Without departing from its scope, it is possible to mount the beater, at the end of a secondary shaft of the gearbox, or inside the casing. Furthermore, the frequency range over which the oscillations are damped also depends on the elastic characteristics of the drummer and its radius, which determine its natural frequency of vibrations.

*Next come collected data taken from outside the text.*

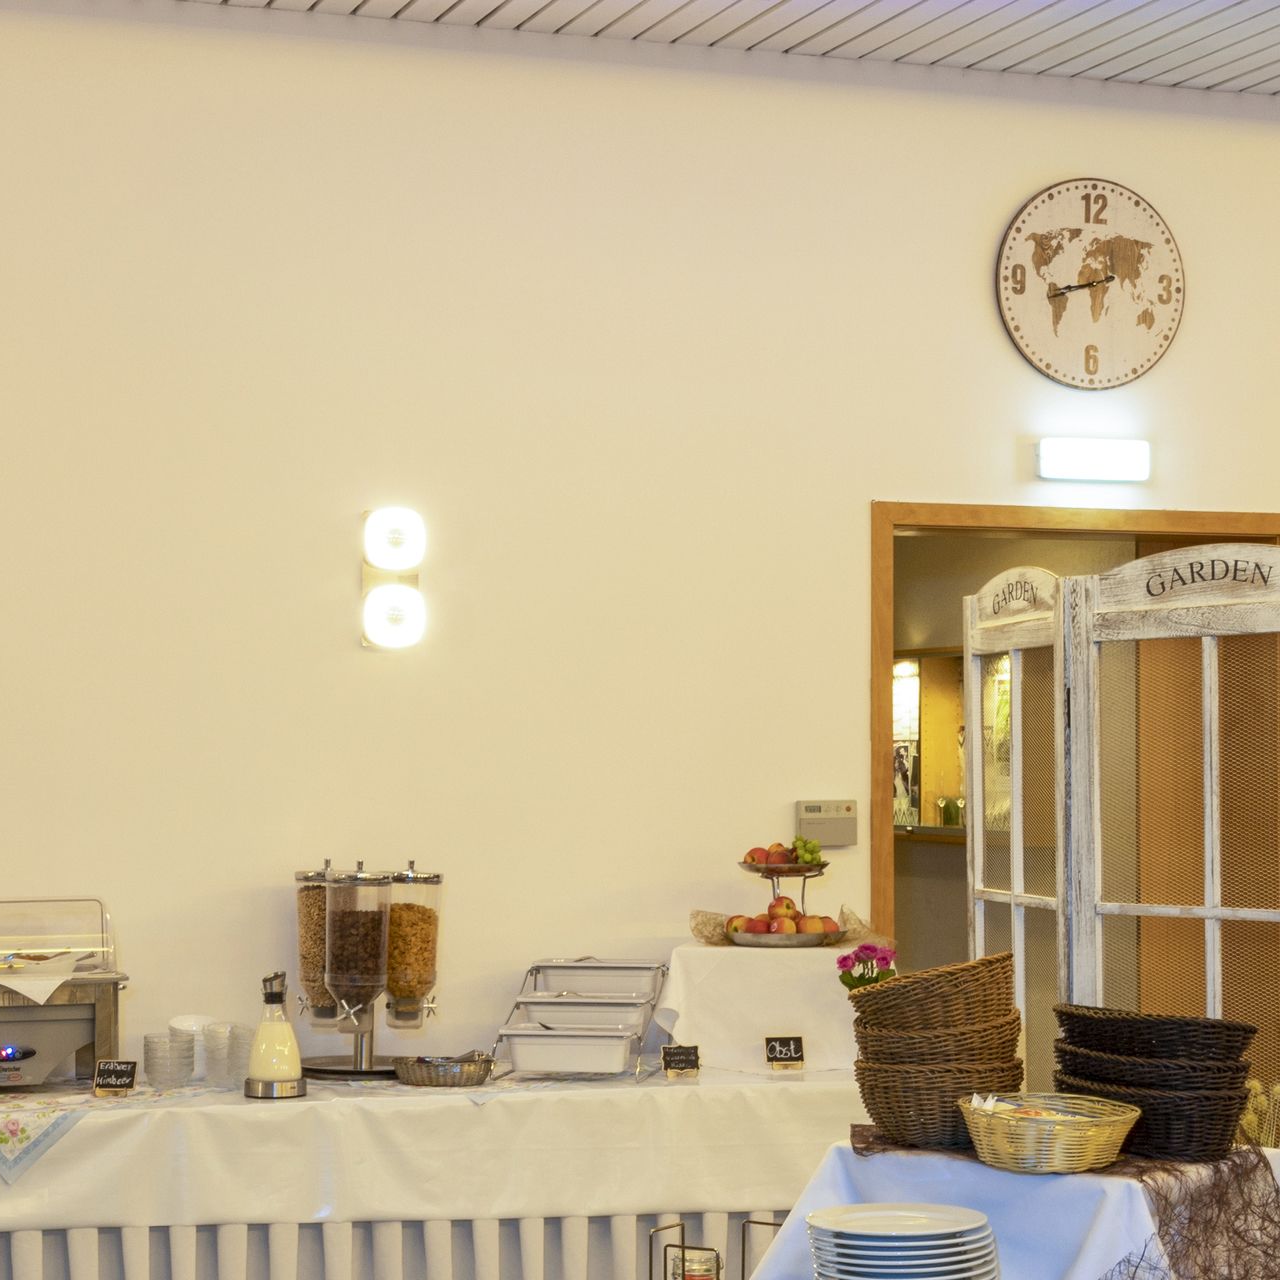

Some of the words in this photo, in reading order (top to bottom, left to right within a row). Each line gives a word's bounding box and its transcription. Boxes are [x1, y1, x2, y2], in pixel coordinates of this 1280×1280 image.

[1081, 193, 1108, 225] 12
[1011, 264, 1026, 295] 9
[1157, 274, 1172, 305] 3
[1084, 344, 1099, 376] 6
[1145, 558, 1273, 597] GARDEN
[992, 580, 1039, 615] GARDEN
[767, 1040, 802, 1058] Obst
[96, 1074, 132, 1085] Himbeer

Without limiting the scope of the invention to these, it is possible to identify three preferred applications of the damping device proposed by the invention: - the elimination of the problems of grinding at full load
("foot in") appearing during revivals at low revs,
mainly between 1500 and 2000 rpm, - elimination of vibrations which can develop at low load
and at low speed, in particular between 1000 and 1500 revolutions / minute, and - the reduction of "neutral noise", when the engine is running
at idle, vehicle stopped.

In conclusion, the implantation of a torsion thresher on a shaft of the gearbox, in particular of its primary shaft, assures the latter, for the same inertia, an efficiency greater than the known damping devices.

Claims (1)

 tll Vibration damping device in a chain of  power transmission comprising a combustion engine  internal (1) ensuring the movement of a vehicle by  via a clutch (4) and a gearbox  (5), characterized in that it has a rotary inertia element  (11) rotated by the gearbox (5). [2] Vibration damping device according to the  claim 1, characterized in that the element (11) is a  torsional beater mounted on a shaft (10) of the gearbox  gears (5). [3] Vibration damping device according to  claims 1 or 2, characterized in that the element of inertia  (11) is placed inside the casing (12) of the gearbox  gears (5). [4] Vibration damping device according to  claims 2 or 3, characterized in that the mixer  torsion (11) is mounted on the primary shaft (10) of the gearbox  gears (5).  [5] Vibration damping device according to  Claims 2, 3 or 4, characterized in that the mixer  twist (11) is fixed on one end of the shaft (10),  protruding outside the casing (12). [6] Vibration damping device according to  Claims 2, 3 or 4, characterized in that the mixer  torsion (1I) is fixed on a tip (18) attached to a  end of the shaft (10), and protruding outside the casing  (12).  [7] Vibration damping device according to one of  Claims 2 to 6, characterized in that the beater in  torsion (11) has a central part (13) and a part  annular (14) metal, joined by a ring of material  elastic (15). [8] Vibration damping device according to  claims 5 or 7, characterized in that the mixer  torsion (11) is fixed by a screw (16), on the end of the shaft  (11).  [9] Vibration damping device according to  claims 6 or 7, characterized in that the mixer  torsion (11) is fixed by a screw (16), on the end piece (18)  reported at the end of the shaft (11). [10] Vibration damping device according to  claims 8 or 9, characterized in that the screw (16) is  engaged through a washer (17), retained against the  beater (11).